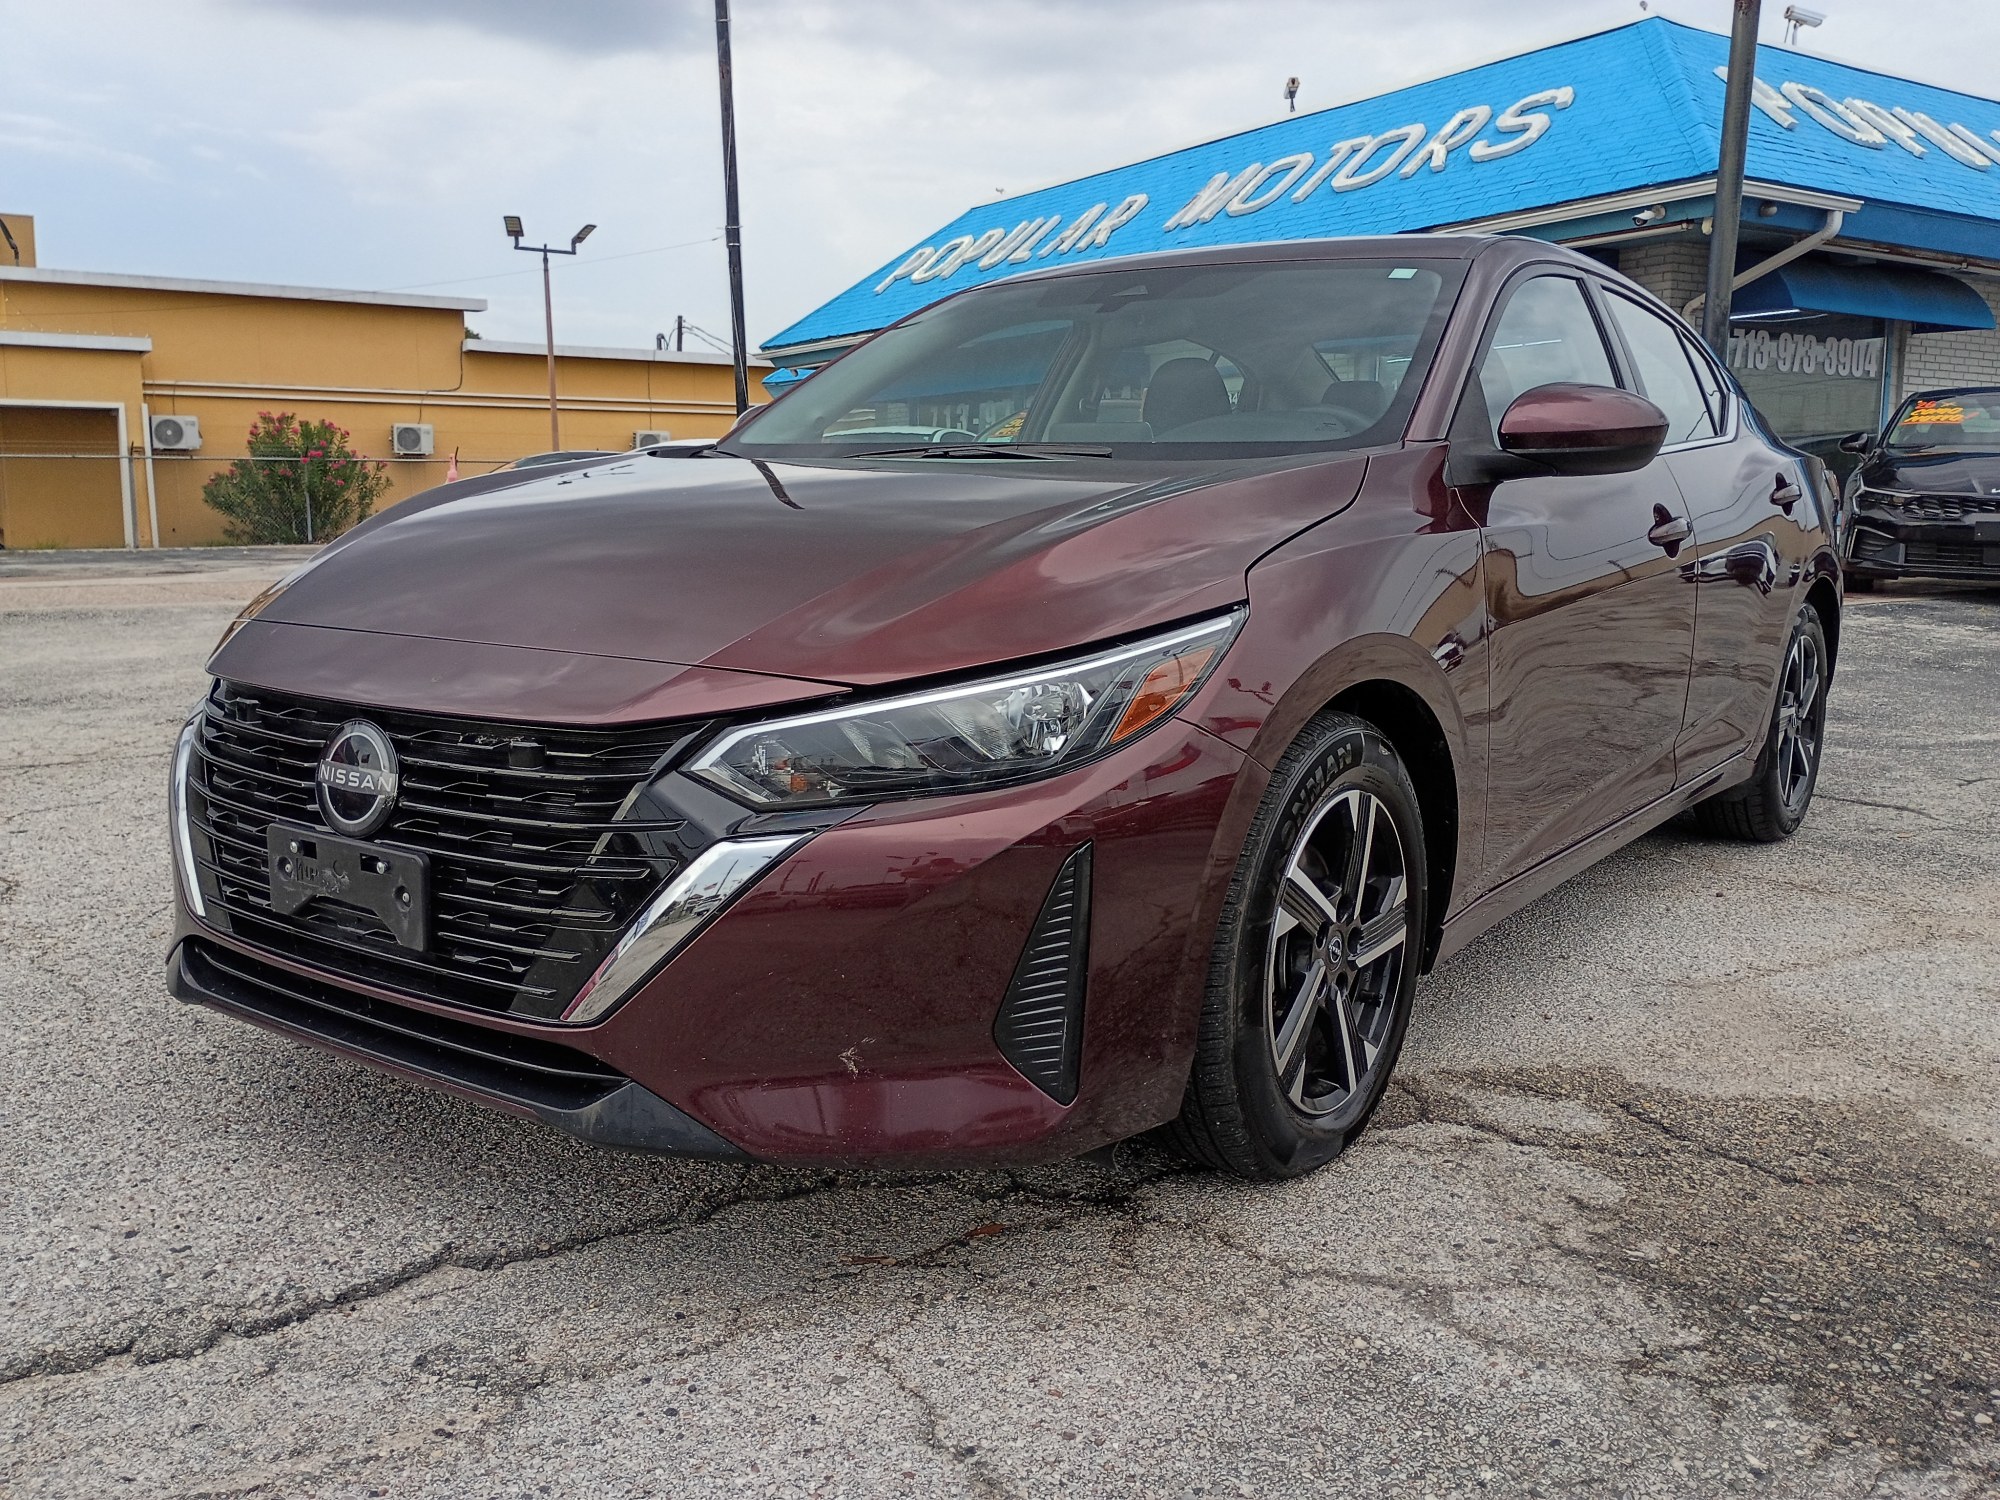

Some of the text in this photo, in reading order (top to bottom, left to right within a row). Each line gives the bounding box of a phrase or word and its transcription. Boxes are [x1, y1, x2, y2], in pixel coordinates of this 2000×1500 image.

[874, 85, 1575, 295] POPULAR MOTORS
[1733, 328, 1878, 378] 713-973-3904
[319, 763, 394, 792] NISSAN
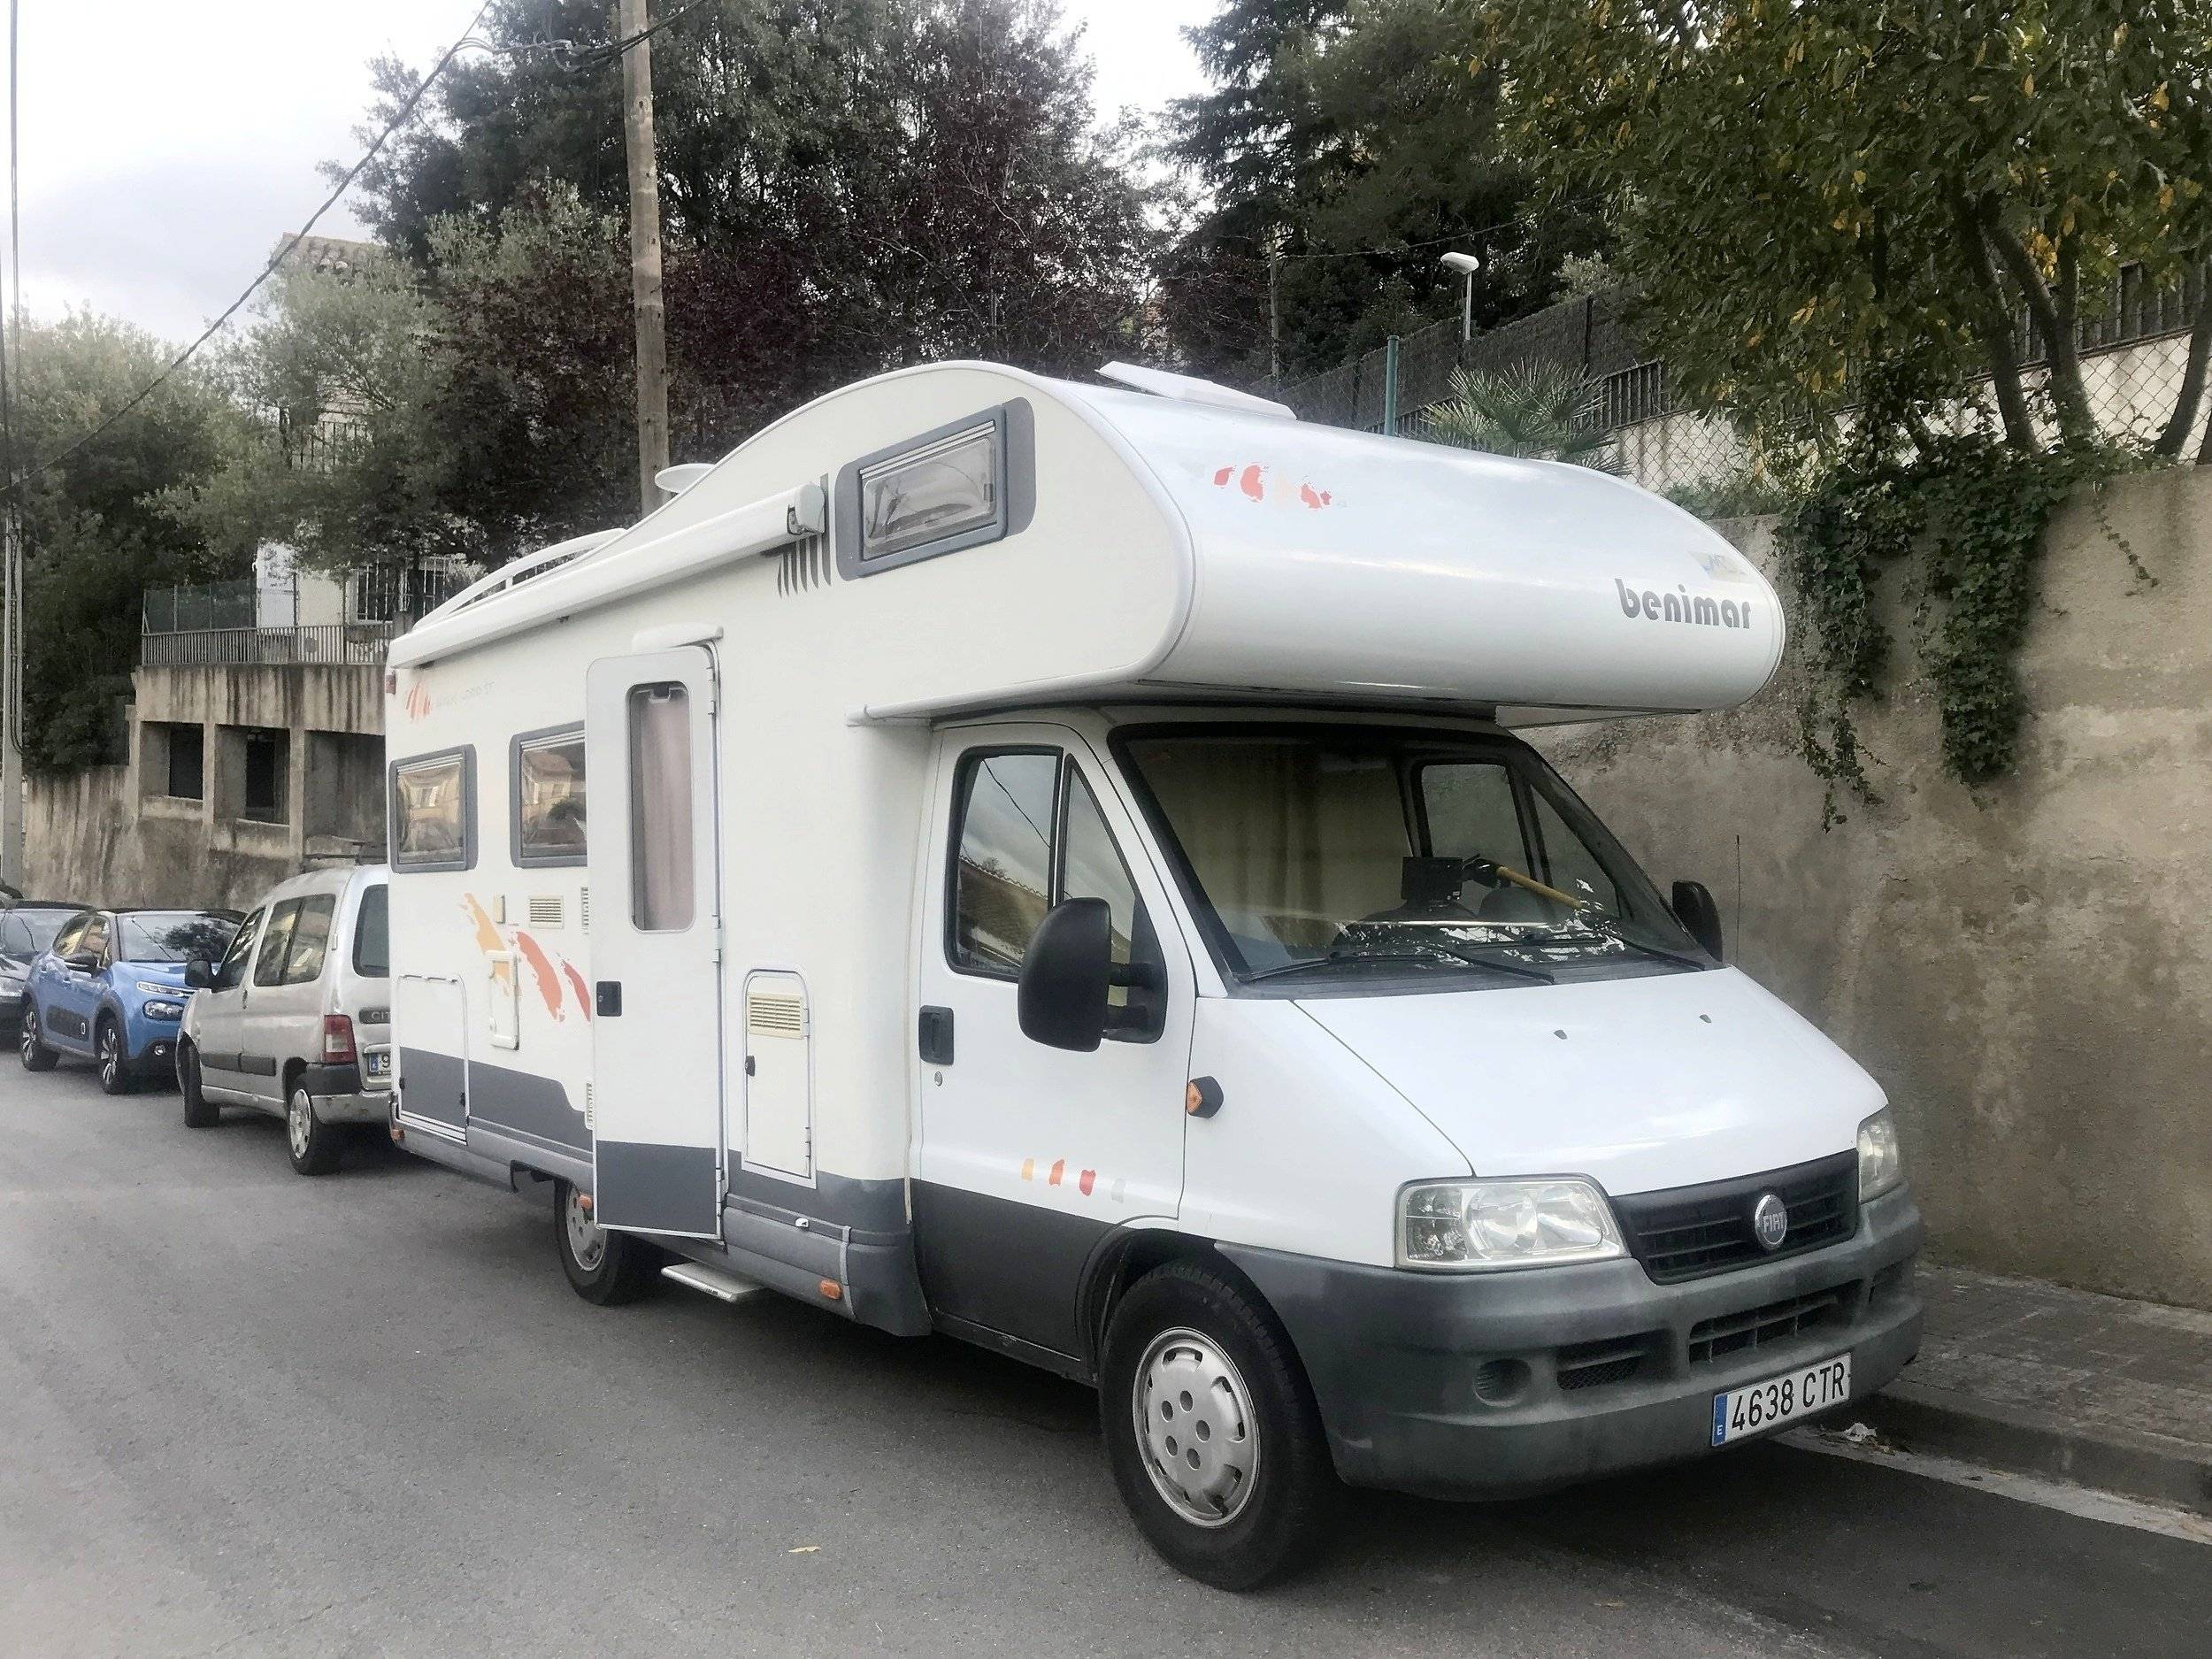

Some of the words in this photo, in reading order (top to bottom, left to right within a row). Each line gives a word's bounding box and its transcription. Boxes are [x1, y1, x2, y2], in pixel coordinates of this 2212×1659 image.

[1614, 578, 1751, 629] benimar
[1763, 1212, 1786, 1233] FIAT
[1717, 1425, 1724, 1435] E
[1732, 1379, 1794, 1431] 4638
[1802, 1362, 1845, 1408] CTR
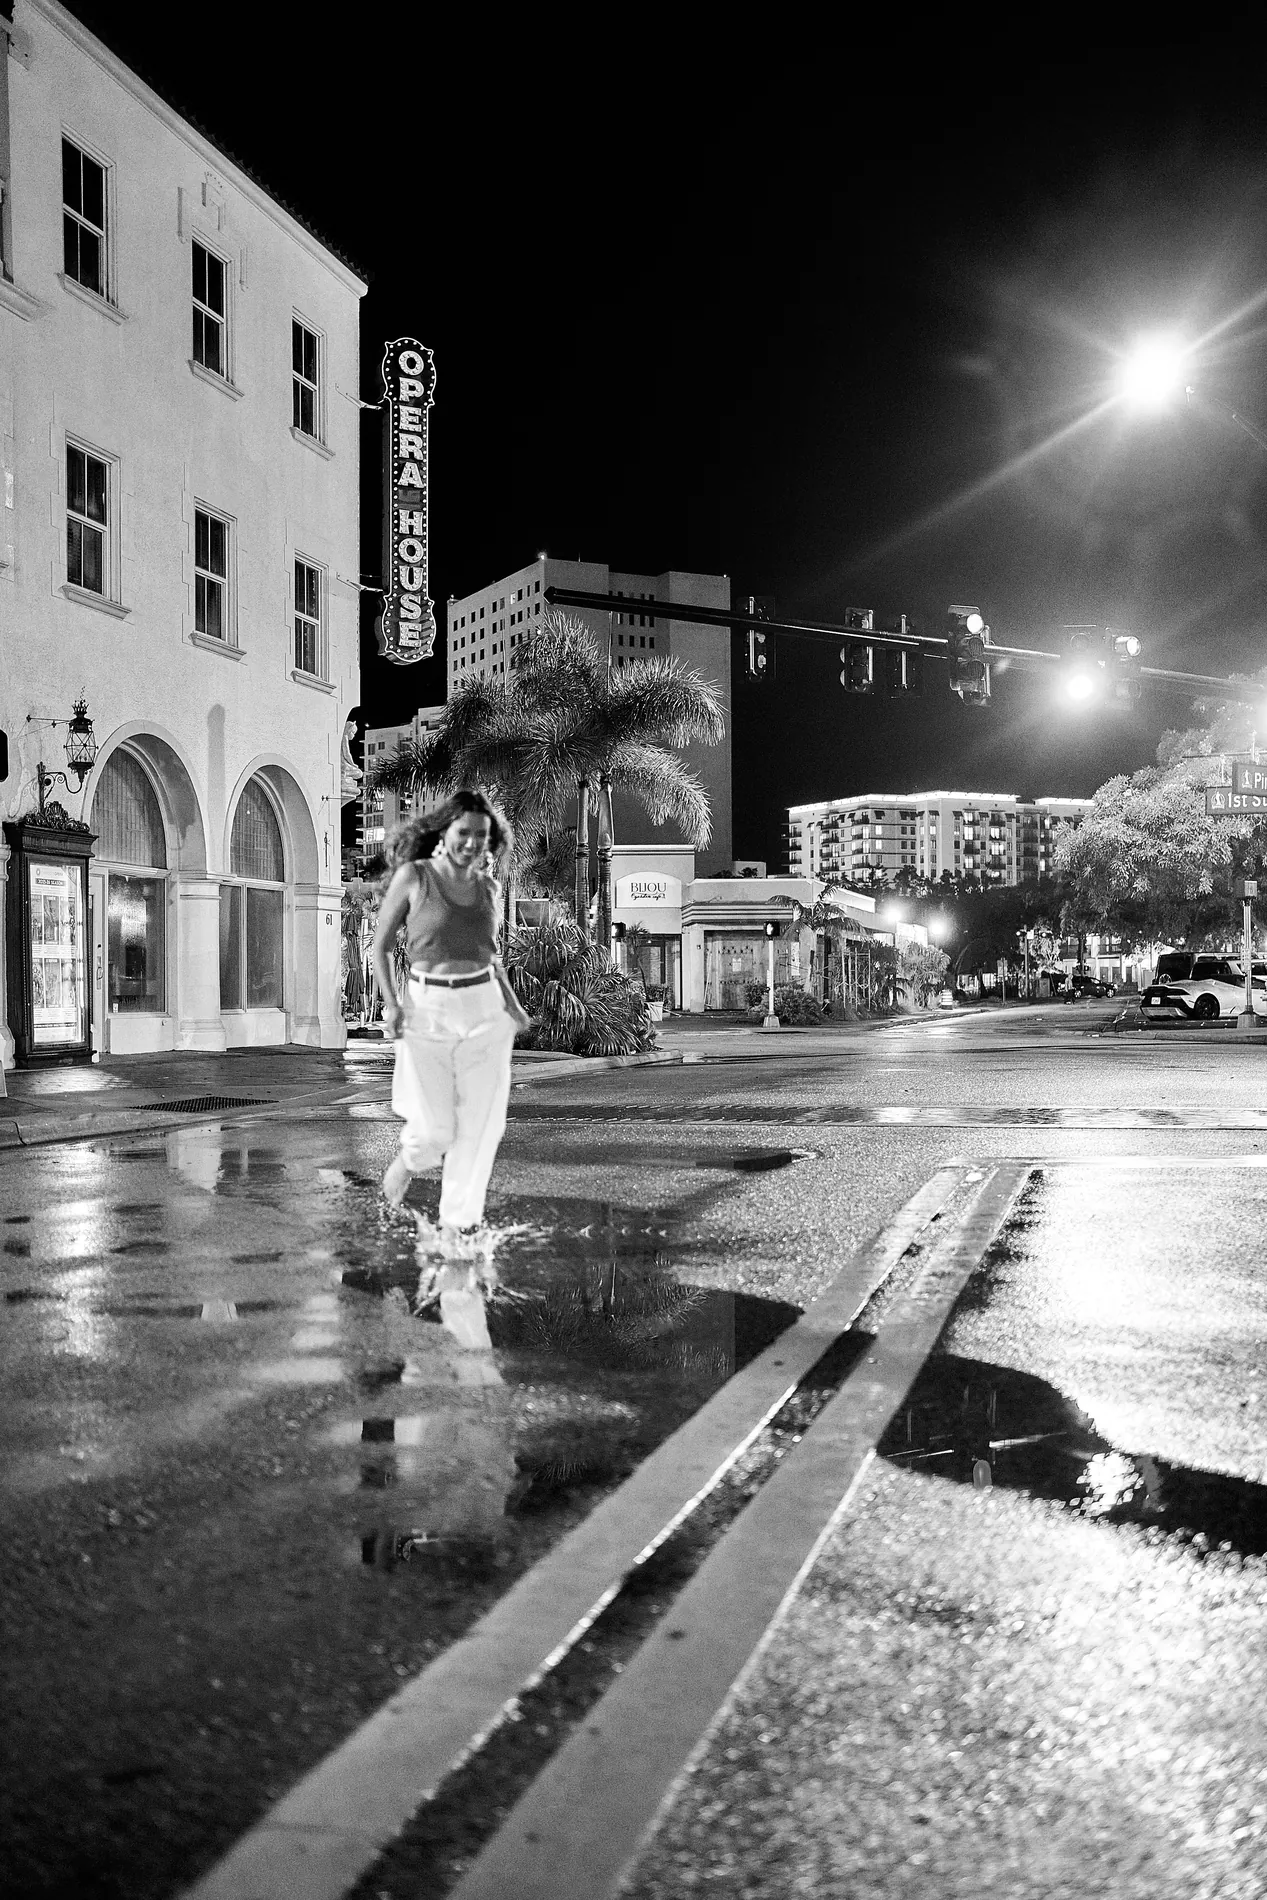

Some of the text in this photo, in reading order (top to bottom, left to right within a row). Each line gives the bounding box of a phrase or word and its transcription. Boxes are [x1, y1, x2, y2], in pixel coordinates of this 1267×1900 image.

[397, 350, 425, 648] OPERA HOUSE
[1227, 791, 1248, 808] 1st
[631, 882, 667, 893] BIJOU
[325, 913, 333, 925] 61

→ **WHAT YOU WILL DO**: At the line containing "Some of the words", start reproducing exactly, and stop after the last line of the listing; include both ends, and leave the pictures out.

→ **WRITTEN ANSWER**:
Some of the words in this photo, in reading order (top to bottom, left to right within a row). Each line gives a word's bounding box and its transcription. Boxes are [x1, y1, x2, y2], in pixel coordinates of this 2212×1659 image.

[1614, 578, 1751, 629] benimar
[1763, 1212, 1786, 1233] FIAT
[1717, 1425, 1724, 1435] E
[1732, 1379, 1794, 1431] 4638
[1802, 1362, 1845, 1408] CTR

Some of the text in this photo, in reading order (top to bottom, left to right within a row). Each line gives the bounding box of a phrase or word and its transcription. Boxes are [x1, y1, x2, y2], in pixel coordinates of this 1267×1900 image.

[397, 350, 425, 648] OPERA HOUSE
[1227, 791, 1248, 808] 1st
[631, 882, 667, 893] BIJOU
[325, 913, 333, 925] 61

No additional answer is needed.